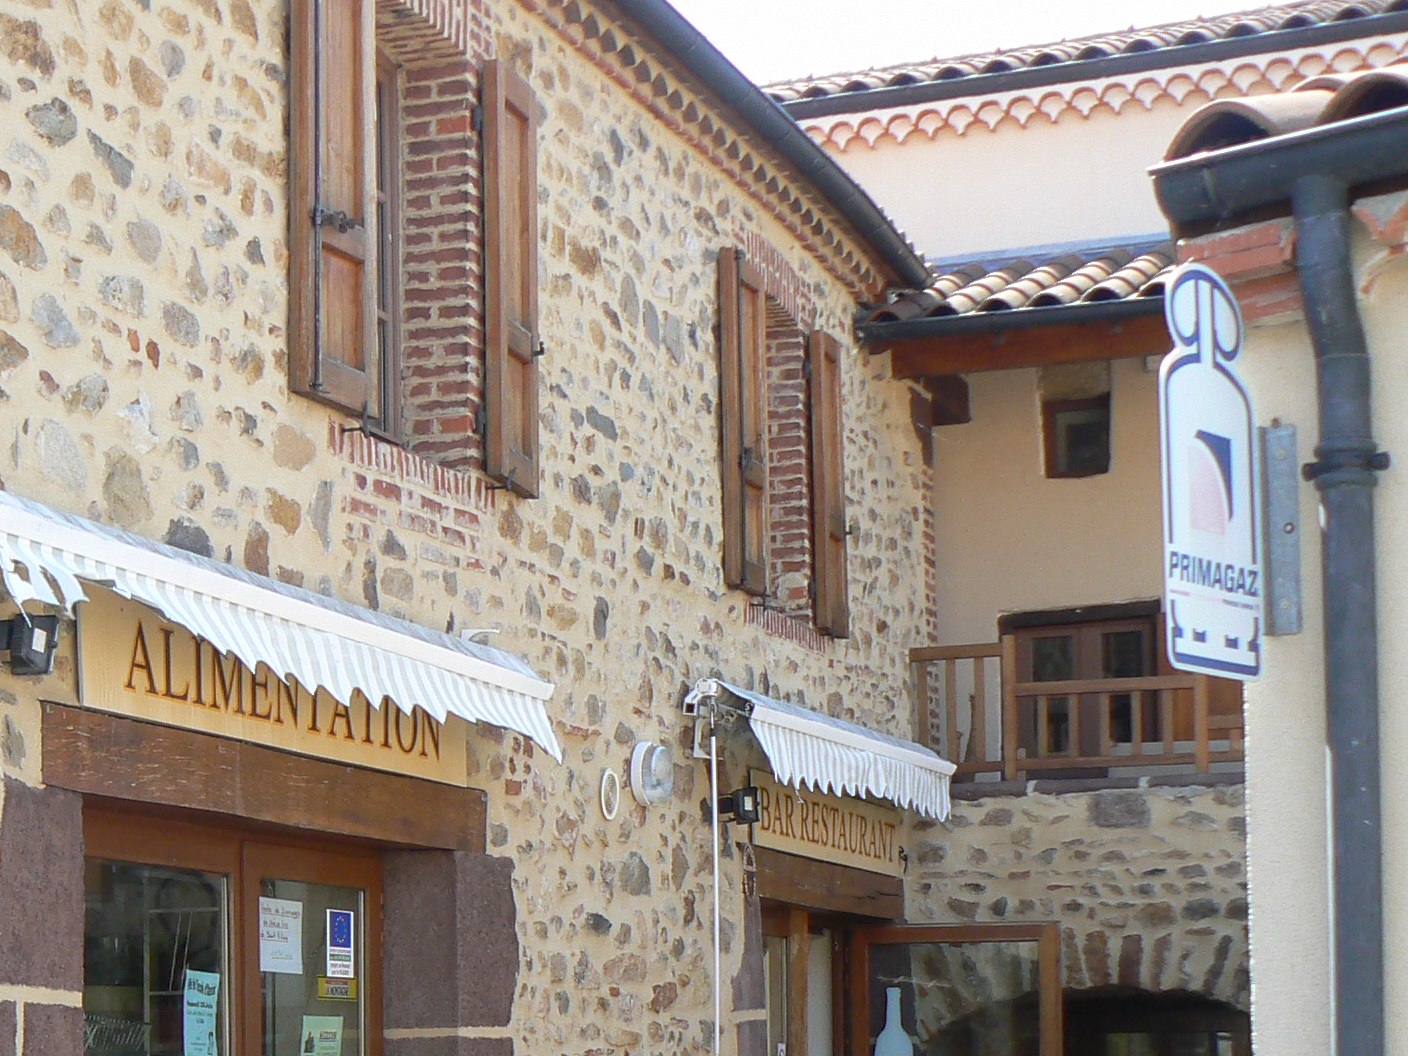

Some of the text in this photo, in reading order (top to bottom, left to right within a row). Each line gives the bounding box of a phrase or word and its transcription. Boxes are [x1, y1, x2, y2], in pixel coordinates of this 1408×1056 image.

[1169, 550, 1260, 598] PRIMAGAZ
[125, 619, 442, 761] ALIMENTATION
[758, 786, 896, 863] BAR RESTAURANT
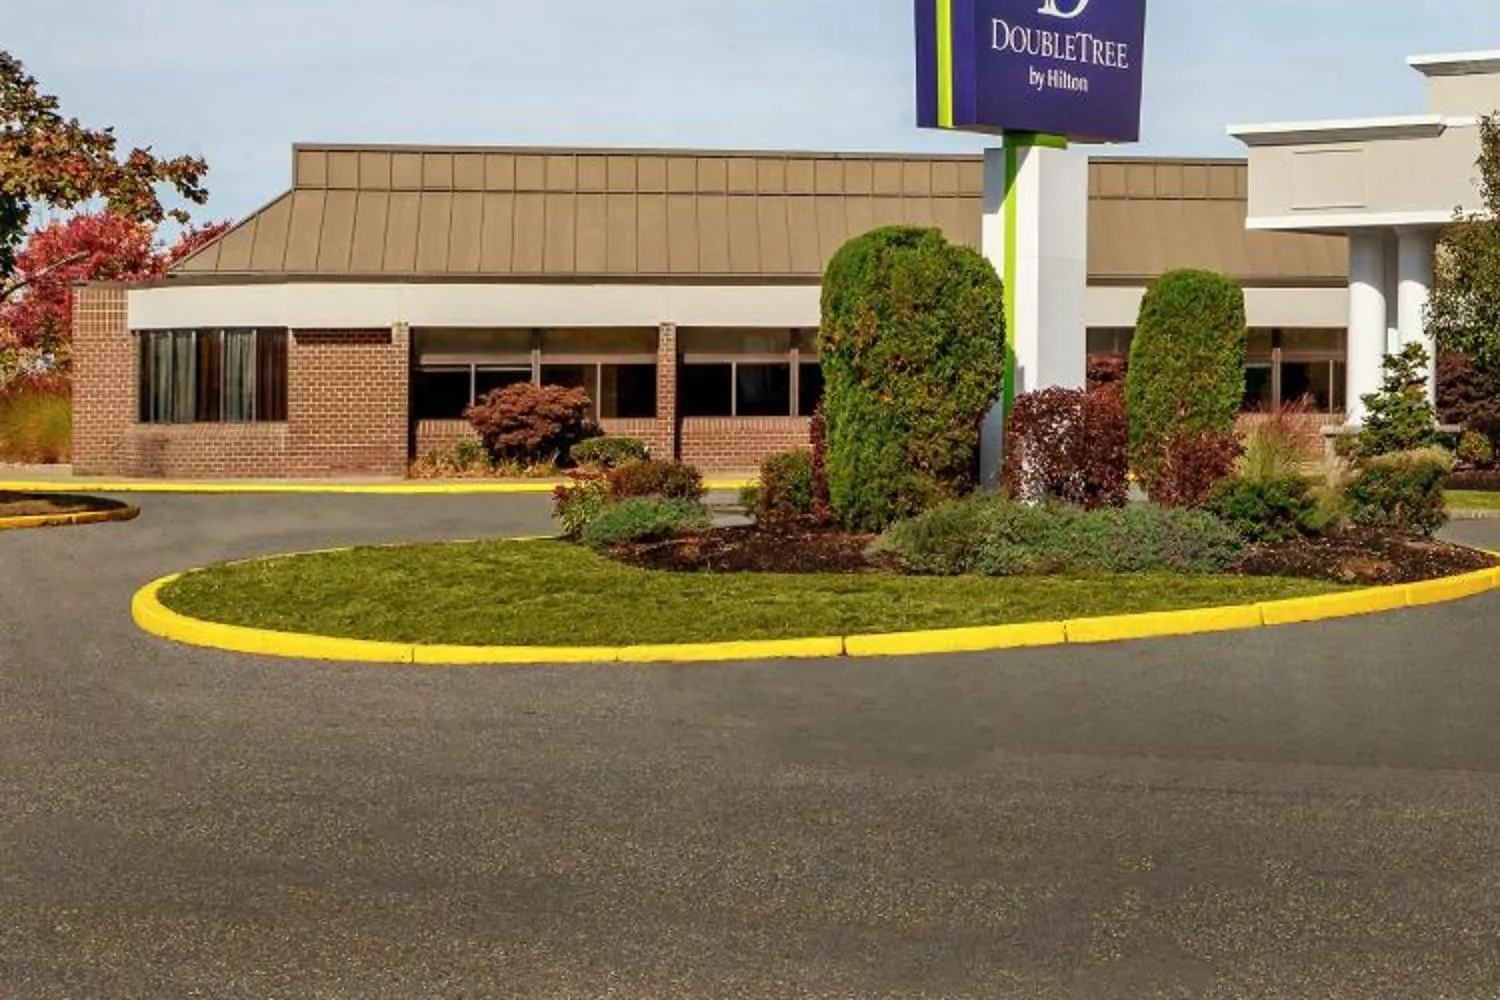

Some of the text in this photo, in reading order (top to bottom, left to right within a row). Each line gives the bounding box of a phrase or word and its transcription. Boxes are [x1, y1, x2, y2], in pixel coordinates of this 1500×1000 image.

[991, 18, 1129, 69] DOUBLETREE
[1028, 65, 1089, 92] by Hilton
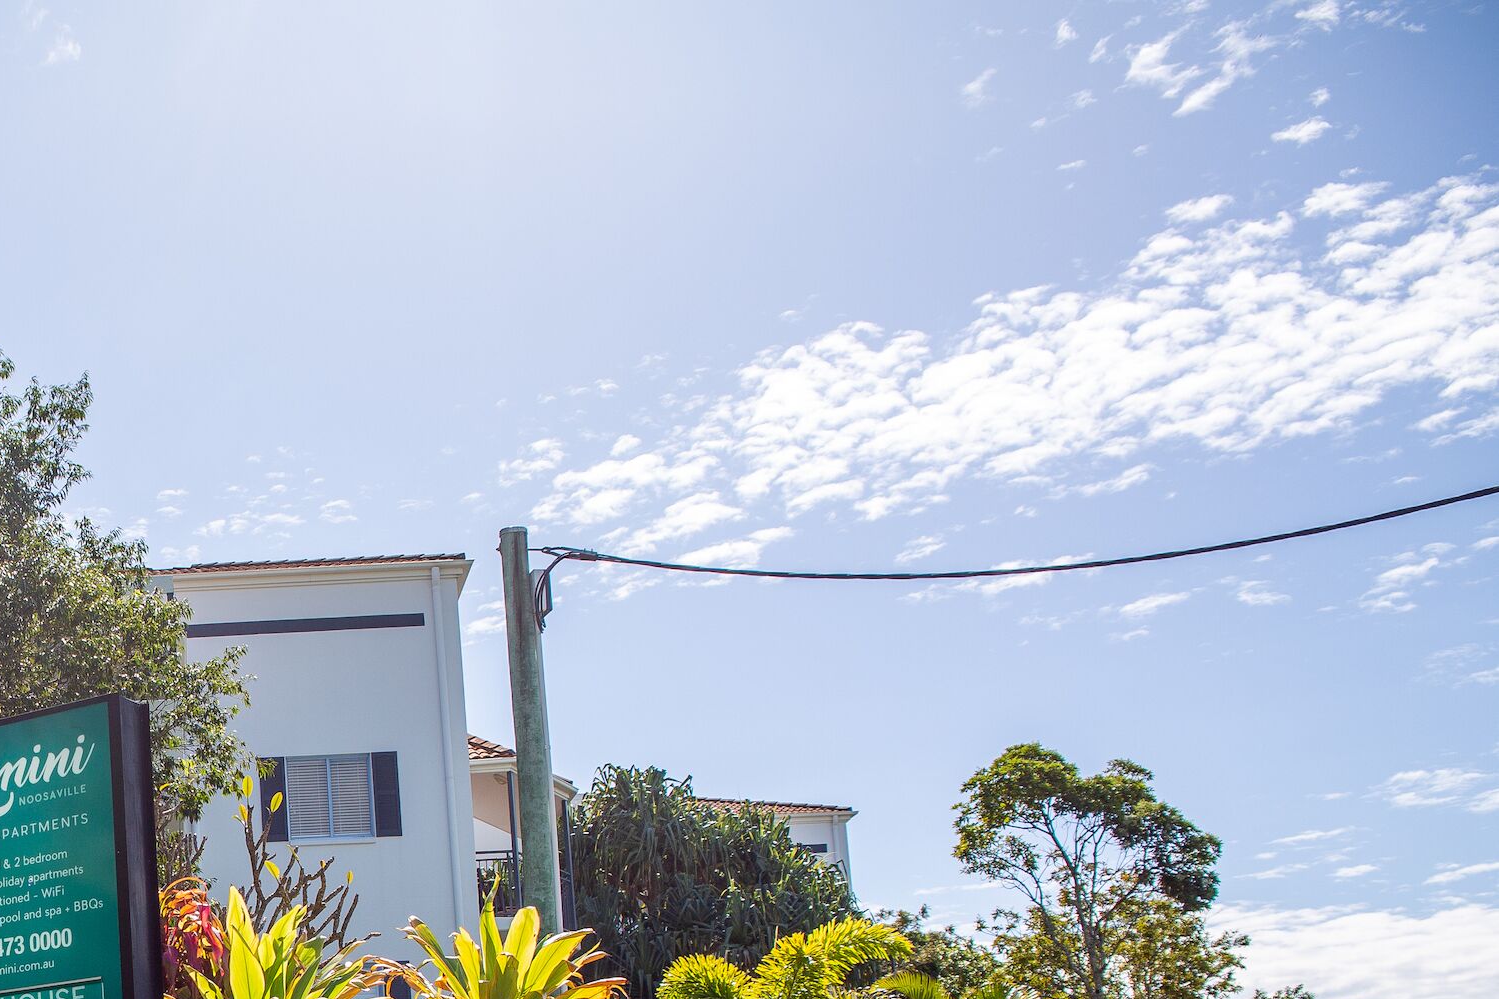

AIM OF THE TASK:
Would you repeat the listing word for word and skip every picture?

OUTPUT FOR THIS TASK:
Some of the text in this photo, in reading order (top to bottom, left to right within a row). Each line gives the bounding box of a phrase or word and its transcription. Boxes are [x1, y1, x2, y2], in pixel coordinates of this 1408×1056 image.

[1169, 550, 1260, 598] PRIMAGAZ
[125, 619, 442, 761] ALIMENTATION
[758, 786, 896, 863] BAR RESTAURANT

Some of the text in this photo, in reading order (top to bottom, left to right within a row). Each line gives the bounding box of a phrase or word and its transcription. Boxes are [x1, y1, x2, y2], in pixel coordinates of this 1500×1000 image.

[991, 18, 1129, 69] DOUBLETREE
[1028, 65, 1089, 92] by Hilton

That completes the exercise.